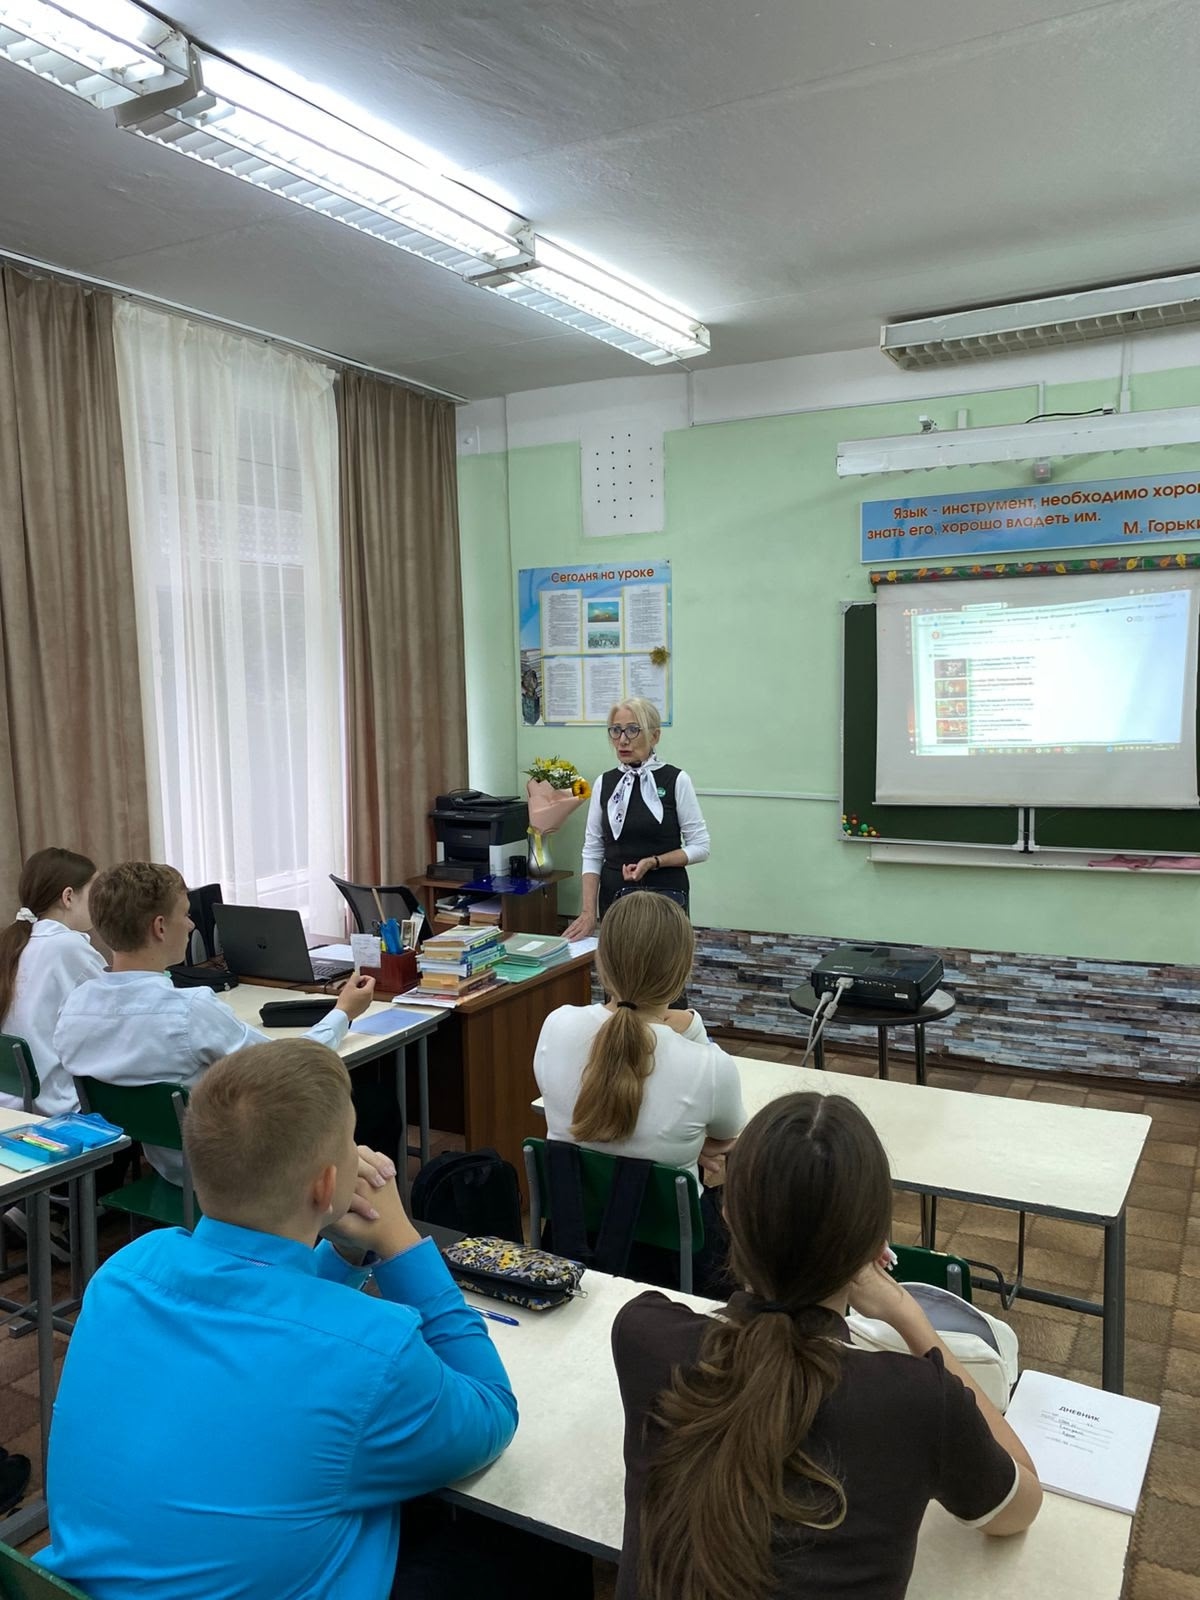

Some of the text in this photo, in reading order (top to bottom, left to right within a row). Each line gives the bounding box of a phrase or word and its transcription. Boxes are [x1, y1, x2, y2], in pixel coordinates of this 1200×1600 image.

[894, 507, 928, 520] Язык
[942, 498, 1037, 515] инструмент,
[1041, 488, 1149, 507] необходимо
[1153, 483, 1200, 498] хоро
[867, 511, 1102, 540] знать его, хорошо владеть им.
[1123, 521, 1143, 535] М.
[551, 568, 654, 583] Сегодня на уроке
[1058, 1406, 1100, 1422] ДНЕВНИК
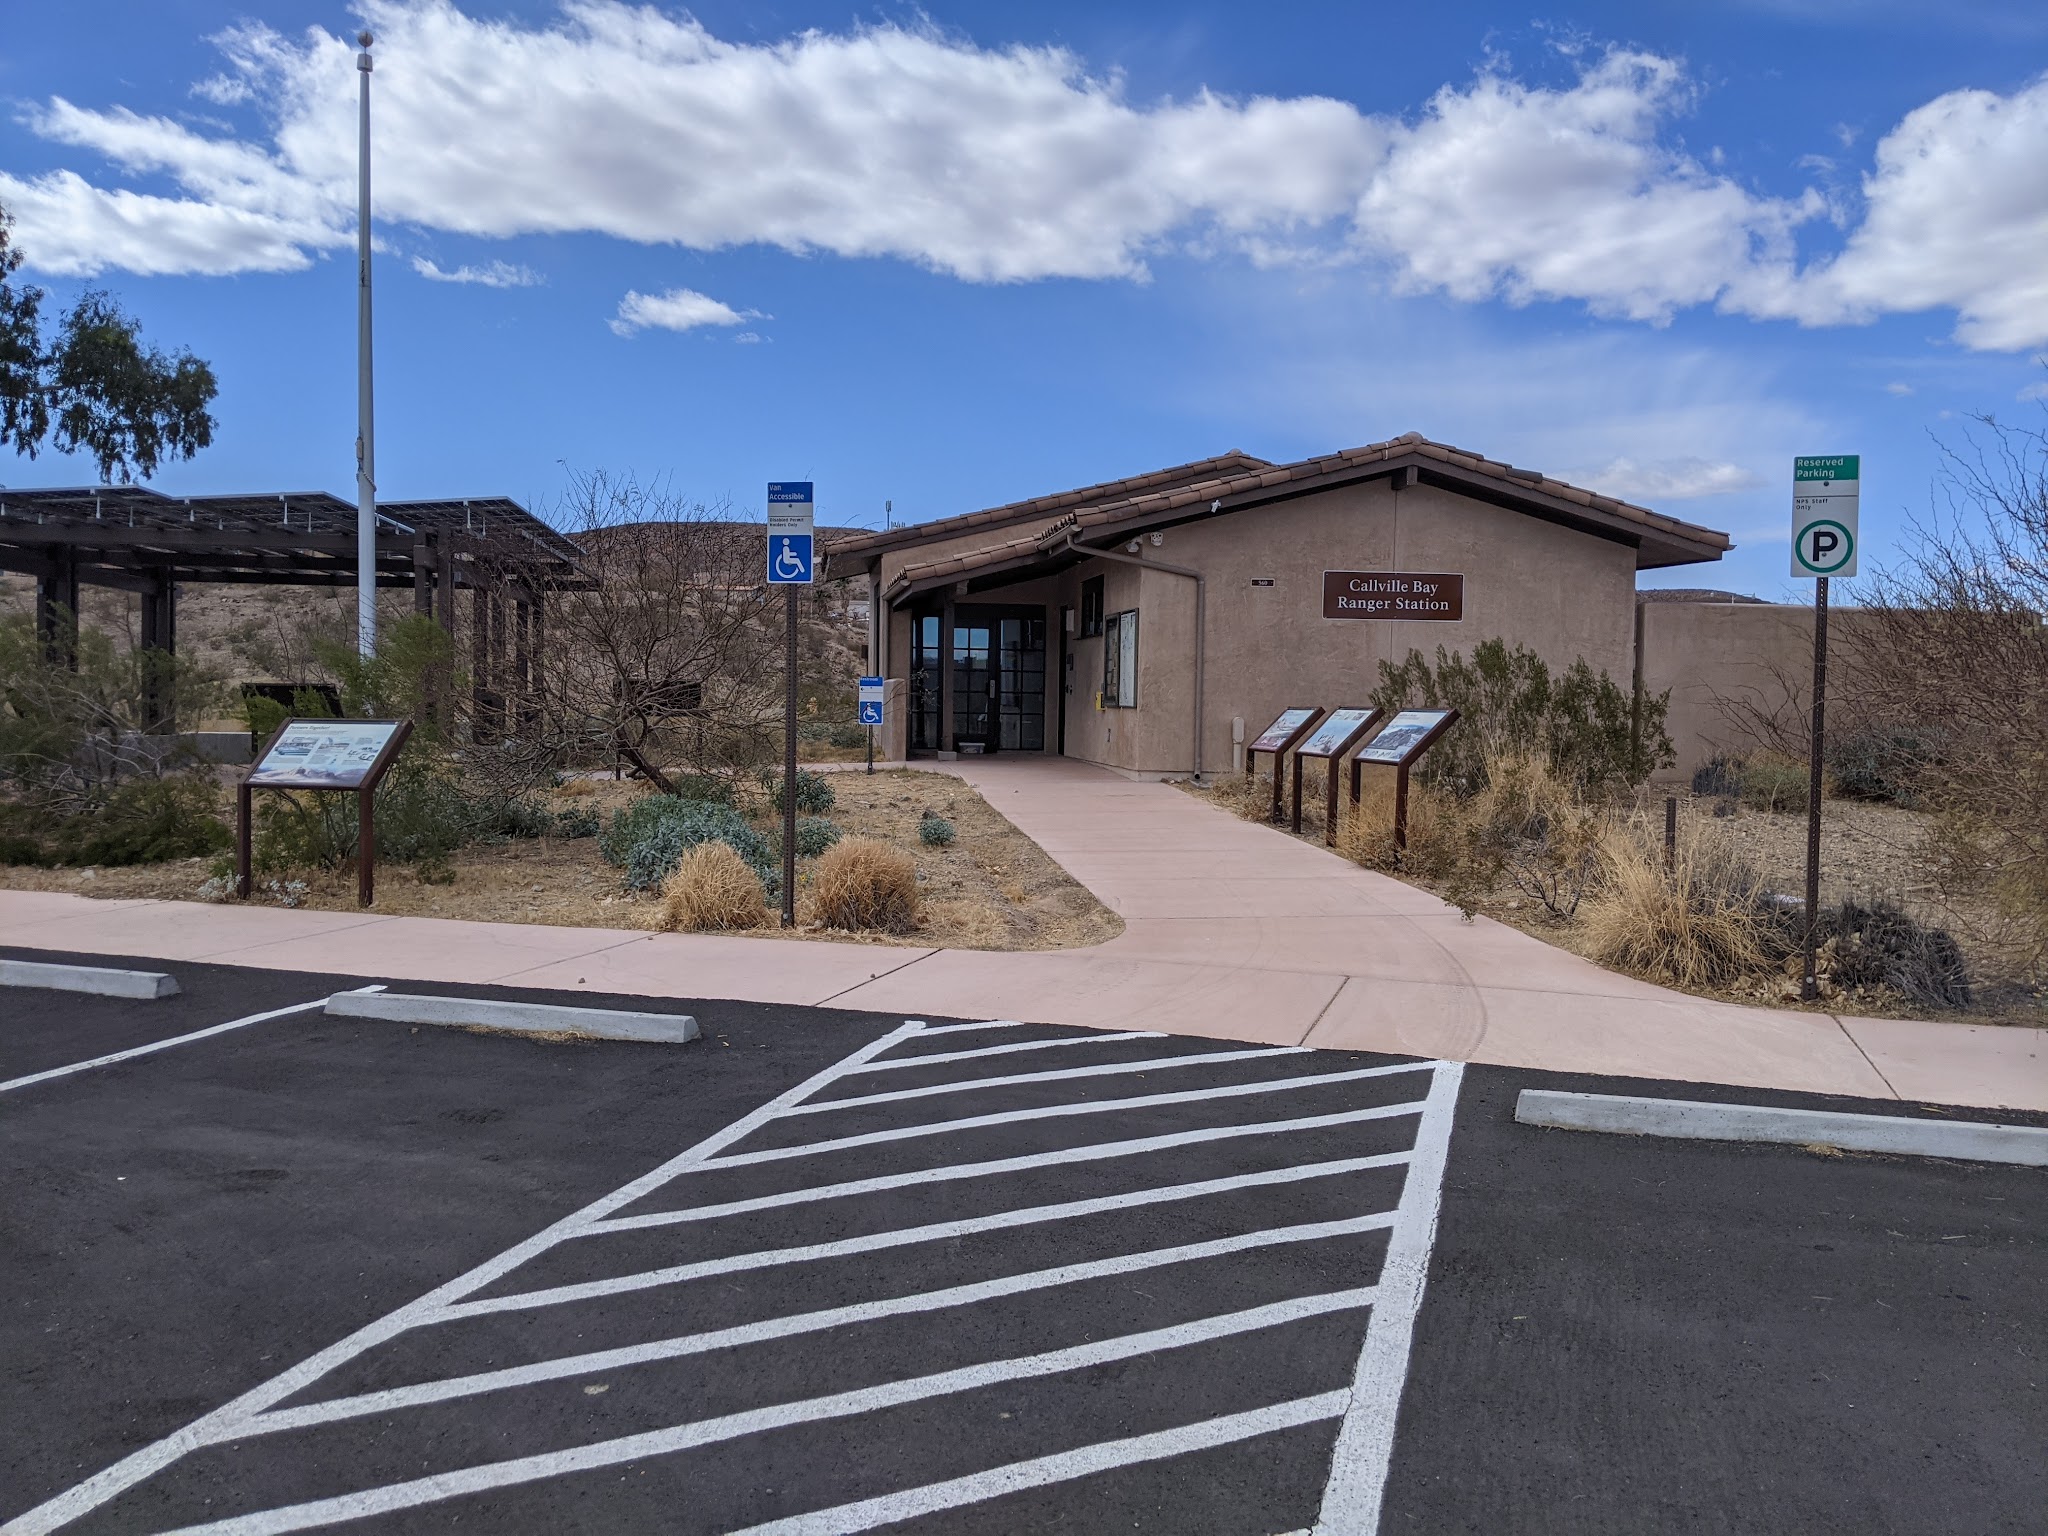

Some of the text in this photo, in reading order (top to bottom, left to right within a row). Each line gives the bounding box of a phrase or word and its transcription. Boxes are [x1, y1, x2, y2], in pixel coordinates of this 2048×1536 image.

****************************************

→ What this task involves
Here the records must be restated exactly, minus any images.

→ Answer section
Some of the text in this photo, in reading order (top to bottom, left to right within a row). Each line gives the bounding box of a phrase or word and its transcription. Boxes are [x1, y1, x2, y2], in pixel coordinates of this 1200×1600 image.

[894, 507, 928, 520] Язык
[942, 498, 1037, 515] инструмент,
[1041, 488, 1149, 507] необходимо
[1153, 483, 1200, 498] хоро
[867, 511, 1102, 540] знать его, хорошо владеть им.
[1123, 521, 1143, 535] М.
[551, 568, 654, 583] Сегодня на уроке
[1058, 1406, 1100, 1422] ДНЕВНИК

Some of the text in this photo, in reading order (top to bottom, left to right within a row). Each line gives the bounding box of a phrase or word and its transcription. Boxes are [x1, y1, x2, y2], in pixel coordinates of this 2048×1536 image.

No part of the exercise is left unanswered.